**Exercise description**
Write out the full listing below exactly as given.

**Data for processing**
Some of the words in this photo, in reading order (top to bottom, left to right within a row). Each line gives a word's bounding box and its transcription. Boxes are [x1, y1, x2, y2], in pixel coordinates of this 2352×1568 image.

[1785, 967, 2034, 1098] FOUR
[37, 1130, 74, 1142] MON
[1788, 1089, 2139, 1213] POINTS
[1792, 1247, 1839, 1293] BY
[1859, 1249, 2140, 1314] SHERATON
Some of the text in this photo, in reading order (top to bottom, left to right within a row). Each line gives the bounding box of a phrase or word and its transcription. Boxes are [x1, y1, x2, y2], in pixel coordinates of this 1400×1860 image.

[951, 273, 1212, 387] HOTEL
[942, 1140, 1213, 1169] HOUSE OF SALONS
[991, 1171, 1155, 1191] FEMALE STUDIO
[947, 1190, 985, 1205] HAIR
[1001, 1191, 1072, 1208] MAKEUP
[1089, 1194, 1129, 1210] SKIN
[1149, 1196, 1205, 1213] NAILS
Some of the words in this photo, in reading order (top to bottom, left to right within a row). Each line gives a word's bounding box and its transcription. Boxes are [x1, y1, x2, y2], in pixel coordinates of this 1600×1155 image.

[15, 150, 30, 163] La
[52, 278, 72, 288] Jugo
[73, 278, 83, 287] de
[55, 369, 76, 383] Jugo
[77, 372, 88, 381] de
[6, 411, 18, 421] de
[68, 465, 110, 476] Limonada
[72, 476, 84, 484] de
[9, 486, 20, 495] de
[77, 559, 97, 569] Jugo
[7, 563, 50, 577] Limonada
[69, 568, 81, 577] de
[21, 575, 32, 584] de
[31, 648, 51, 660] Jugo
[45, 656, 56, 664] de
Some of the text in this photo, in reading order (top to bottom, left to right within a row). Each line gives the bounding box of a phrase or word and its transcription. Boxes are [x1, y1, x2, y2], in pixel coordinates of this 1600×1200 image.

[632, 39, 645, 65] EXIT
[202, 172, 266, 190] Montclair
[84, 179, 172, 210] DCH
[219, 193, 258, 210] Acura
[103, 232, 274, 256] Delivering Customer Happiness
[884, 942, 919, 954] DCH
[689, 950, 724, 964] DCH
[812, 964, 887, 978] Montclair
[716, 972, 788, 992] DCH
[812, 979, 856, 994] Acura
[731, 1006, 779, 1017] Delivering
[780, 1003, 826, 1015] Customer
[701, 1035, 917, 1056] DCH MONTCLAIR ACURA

**Exercise output**
Some of the words in this photo, in reading order (top to bottom, left to right within a row). Each line gives a word's bounding box and its transcription. Boxes are [x1, y1, x2, y2], in pixel coordinates of this 2352×1568 image.

[1785, 967, 2034, 1098] FOUR
[37, 1130, 74, 1142] MON
[1788, 1089, 2139, 1213] POINTS
[1792, 1247, 1839, 1293] BY
[1859, 1249, 2140, 1314] SHERATON
Some of the text in this photo, in reading order (top to bottom, left to right within a row). Each line gives the bounding box of a phrase or word and its transcription. Boxes are [x1, y1, x2, y2], in pixel coordinates of this 1400×1860 image.

[951, 273, 1212, 387] HOTEL
[942, 1140, 1213, 1169] HOUSE OF SALONS
[991, 1171, 1155, 1191] FEMALE STUDIO
[947, 1190, 985, 1205] HAIR
[1001, 1191, 1072, 1208] MAKEUP
[1089, 1194, 1129, 1210] SKIN
[1149, 1196, 1205, 1213] NAILS
Some of the words in this photo, in reading order (top to bottom, left to right within a row). Each line gives a word's bounding box and its transcription. Boxes are [x1, y1, x2, y2], in pixel coordinates of this 1600×1155 image.

[15, 150, 30, 163] La
[52, 278, 72, 288] Jugo
[73, 278, 83, 287] de
[55, 369, 76, 383] Jugo
[77, 372, 88, 381] de
[6, 411, 18, 421] de
[68, 465, 110, 476] Limonada
[72, 476, 84, 484] de
[9, 486, 20, 495] de
[77, 559, 97, 569] Jugo
[7, 563, 50, 577] Limonada
[69, 568, 81, 577] de
[21, 575, 32, 584] de
[31, 648, 51, 660] Jugo
[45, 656, 56, 664] de
Some of the text in this photo, in reading order (top to bottom, left to right within a row). Each line gives the bounding box of a phrase or word and its transcription. Boxes are [x1, y1, x2, y2], in pixel coordinates of this 1600×1200 image.

[632, 39, 645, 65] EXIT
[202, 172, 266, 190] Montclair
[84, 179, 172, 210] DCH
[219, 193, 258, 210] Acura
[103, 232, 274, 256] Delivering Customer Happiness
[884, 942, 919, 954] DCH
[689, 950, 724, 964] DCH
[812, 964, 887, 978] Montclair
[716, 972, 788, 992] DCH
[812, 979, 856, 994] Acura
[731, 1006, 779, 1017] Delivering
[780, 1003, 826, 1015] Customer
[701, 1035, 917, 1056] DCH MONTCLAIR ACURA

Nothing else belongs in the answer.